August 16, 2018 – If you’re employed in California, chances are your employer likes to constantly remind you that your employment is at-will. Yes. California is an “at-will” employment state, meaning an employer generally can terminate your employment at any time for any reason or no reason at all. However, an employer cannot terminate an employee based on an unlawful reason.

Reason number one: anti-discrimination laws. Several federal and state statutes impose limitations on the right of an employer to terminate an employee at will. For example, the California Fair Employment and Housing Act (often referred to as the “FEHA”) prohibits employers from terminating employees based on a protected category. Protected categories include an employee’s race/national origin, sex/gender, gender identity/gender expression, sexual orientation, pregnancy, a disability/medical condition, religion, age (over forty), marital status, and veteran status.

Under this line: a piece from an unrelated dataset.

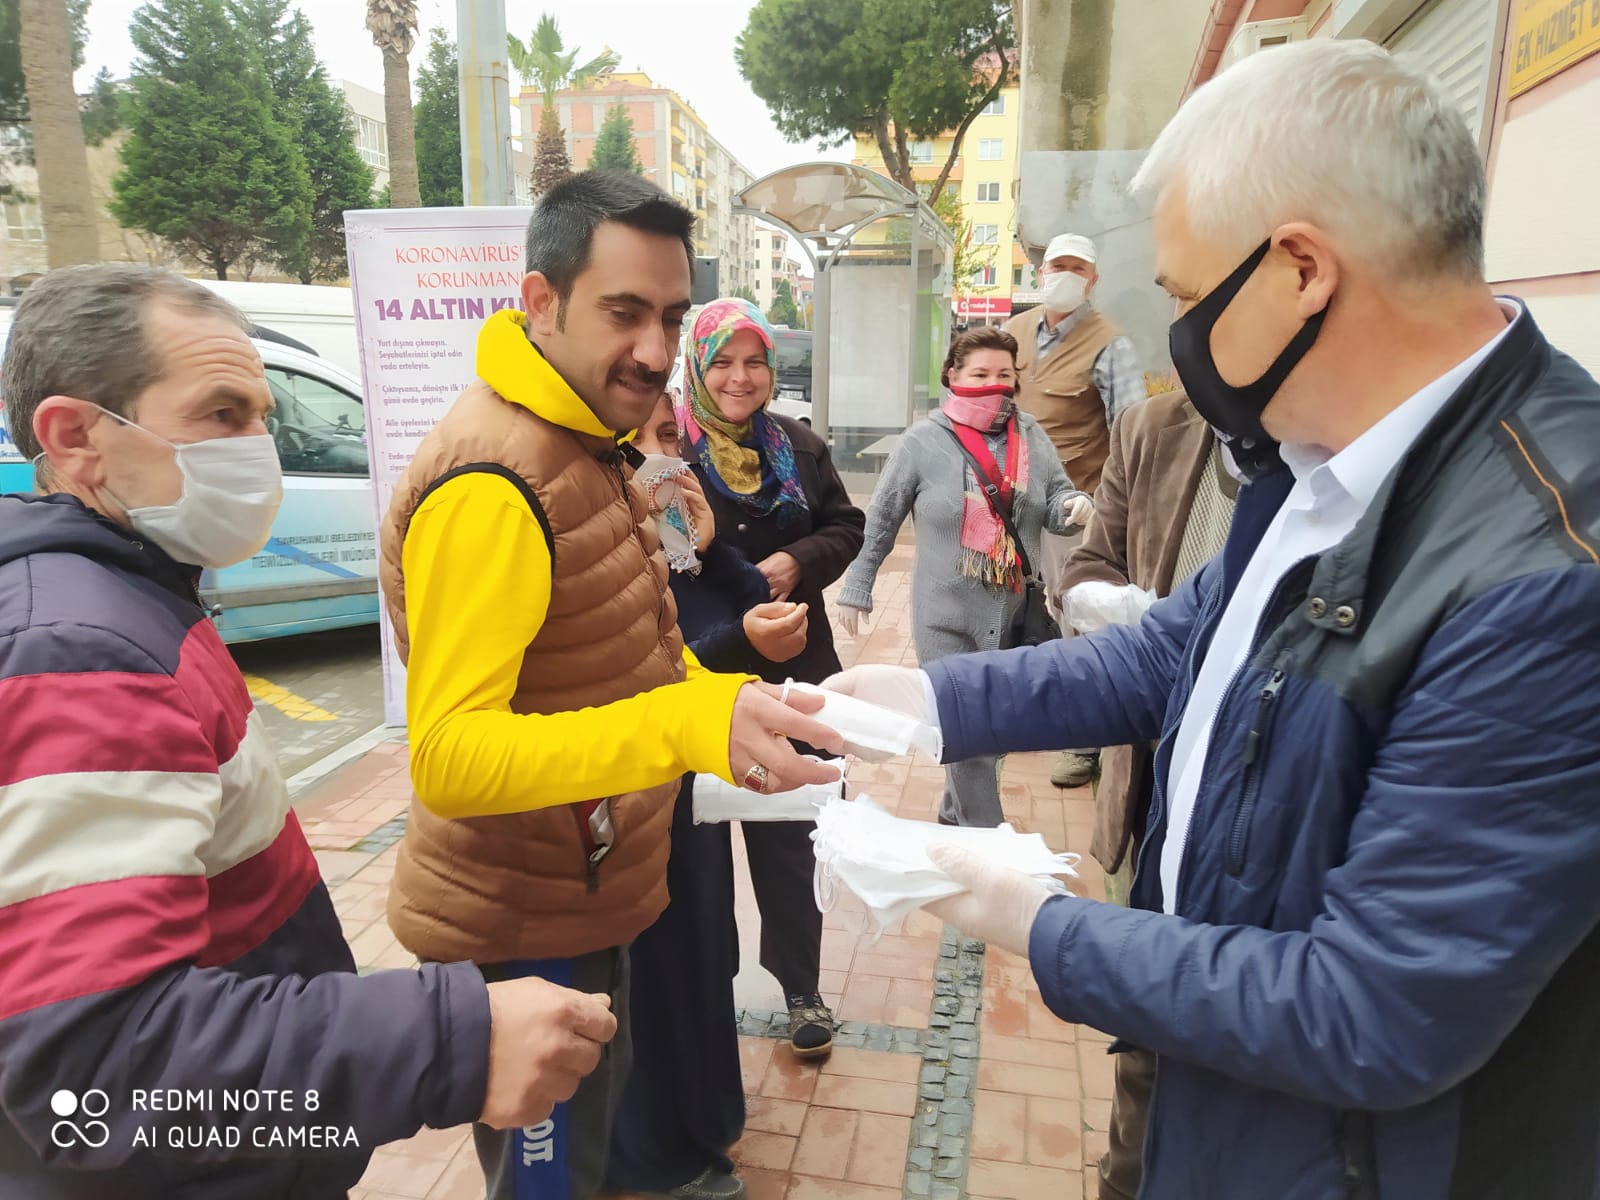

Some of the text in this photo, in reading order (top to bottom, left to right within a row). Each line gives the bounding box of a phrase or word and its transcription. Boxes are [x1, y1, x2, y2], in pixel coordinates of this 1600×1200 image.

[375, 299, 403, 320] 14
[410, 298, 484, 320] ALTIN
[448, 349, 463, 357] edin

Reason number two: public policy. Employers also cannot terminate an employee if doing so is against a fundamental public policy of California. What is a fundamental public policy? Just look at the Constitution, a statute, or an administrative rule. For example, the FEHA can be the underlying public policy in a wrongful termination claim. California’s whistleblower statute can also be an underlying public policy, as it prohibits employers from terminating employees who refuse to engage in unlawful activity or report reasonably-believed violations of state or federal laws, rules, or regulations.

These exceptions make one wonder, is at-will employment ever really at-will?